Scientology insider details 'nightmare' childhood

By Sarah Collerton

A former Scientologist who says she was a "child slave" and alleges
she saw a six-year-old boy chained up in a ship's hold is disappointed
the Senate has blocked a full inquiry into the religious organisation.

Independent Senator Nick Xenophon has been calling for a full inquiry
into the church since revealing claims of forced abortions and other
abuses in Parliament last year.

Keryn, 54, grew up in the church and has asked the ABC to identify her
only by her first name.

She says she was a victim of "hard labour, mental brutality and
separation" on Scientology ships, which were used for the Church's
elite band of followers in the 1960s to 1970s. She is angry the motion
for a Scientology probe has been blocked in Parliament.

"Australia is an egalitarian society; Scientology is not egalitarian,"
she told ABC News Online.

"There is no protection for workers and no protection for children.
It's the push for the inquiry that has brought me out of the
woodwork."

Keryn says her mother was a founding member of the church and went on
to become the CEO of Scientology in South Africa.

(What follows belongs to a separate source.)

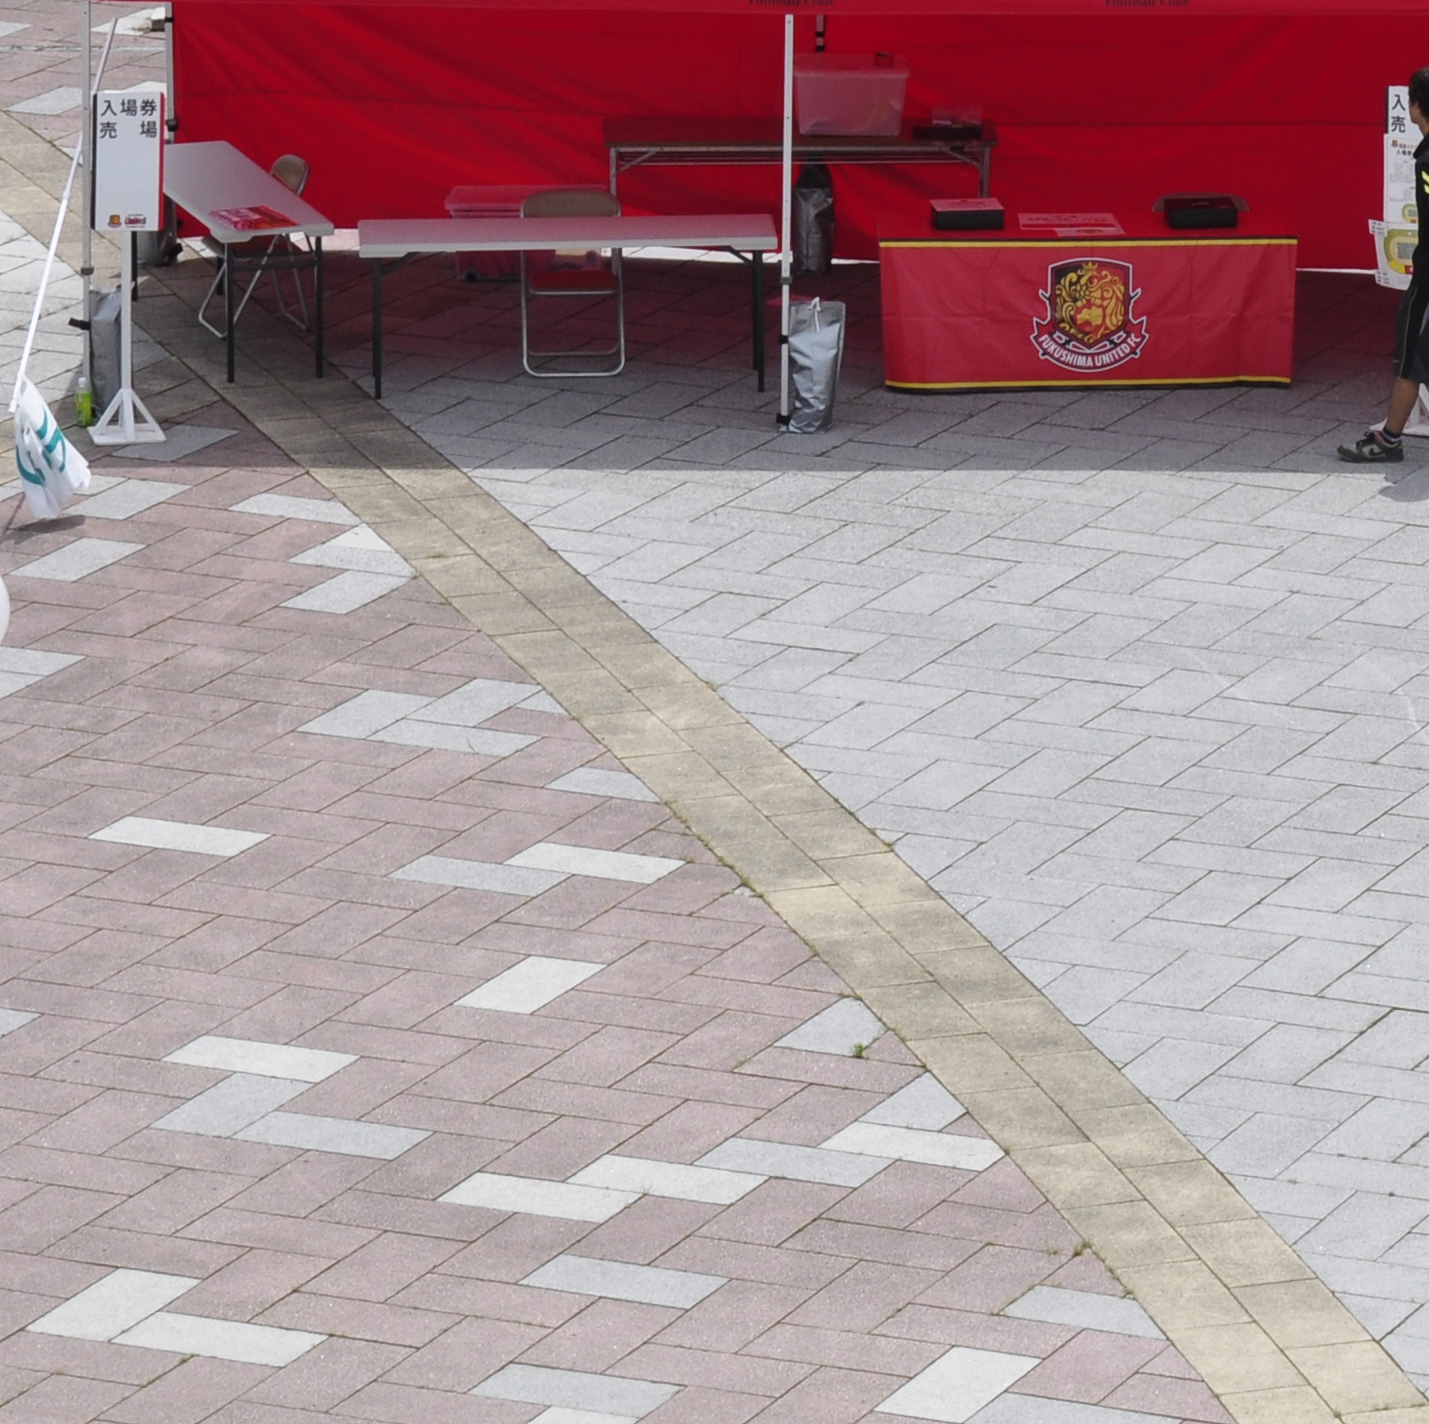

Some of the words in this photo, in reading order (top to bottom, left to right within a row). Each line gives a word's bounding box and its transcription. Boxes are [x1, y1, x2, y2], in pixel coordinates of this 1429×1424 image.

"It should be banned; it's a very dangerous pseudo-religion and
corporate enterprise, and it really needs to be looked at very
closely," she said.

"If it's not looked at very closely and monitored and checks and
balances put in place, then one day people are going to look back and
say, 'This is bad news and we did nothing'.

"The structure is very totalitarian, and I just think it's very bad
for mental health. They need to look into the separation of families.
I know many broken families because of Scientology."

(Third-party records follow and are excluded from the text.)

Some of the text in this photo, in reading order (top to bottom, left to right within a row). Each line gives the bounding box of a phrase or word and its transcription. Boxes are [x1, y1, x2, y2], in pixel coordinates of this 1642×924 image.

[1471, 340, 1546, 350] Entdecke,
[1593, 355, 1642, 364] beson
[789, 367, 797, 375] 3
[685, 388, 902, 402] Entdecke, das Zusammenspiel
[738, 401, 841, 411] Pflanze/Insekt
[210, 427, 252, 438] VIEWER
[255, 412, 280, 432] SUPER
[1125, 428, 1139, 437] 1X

Keryn wants an inquiry to investigate living and labour conditions as
well as schooling for children working for the organisation at a young
age.

"There is a belief in Scientology that normal schooling simply
indoctrinates you with social norms and ideologies ... so they prefer
to indoctrinate with their own ideologies, with the result that
Scientology children, if they manage to leave, are usually unskilled
and uneducated.

"This forces them back into the world they know - in other words
Scientology recreates its own labour force," she said.

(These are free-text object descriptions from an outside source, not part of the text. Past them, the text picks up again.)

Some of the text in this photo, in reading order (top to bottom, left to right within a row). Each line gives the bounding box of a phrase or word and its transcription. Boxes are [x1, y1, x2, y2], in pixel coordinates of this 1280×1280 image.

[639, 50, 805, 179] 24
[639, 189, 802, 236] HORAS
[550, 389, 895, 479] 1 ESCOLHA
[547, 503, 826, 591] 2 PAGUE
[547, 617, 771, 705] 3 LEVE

"People just get so brainwashed and it's made so difficult for people
to leave, they just don't. Staff members don't get paid so they can't
accumulate money to leave.

"There's a belief system that if you find something wrong with
Scientology, then there's something wrong with you. That's instilled
in you so deeply that it's very hard to shake."

'Nightmare' childhood

Keryn's decision to speak openly about her experiences comes after
ABC1's Four Corners program, The Ex-Files, in which former members
told of forced abortions, pressure to work extreme hours and being
forced to hand over large sums of money.

Members of Scientology's elite unit of full-time staffers the Sea
Organisation - or Sea Org - detailed allegations of a strict regime of
discipline and punishment in place during the 1960s.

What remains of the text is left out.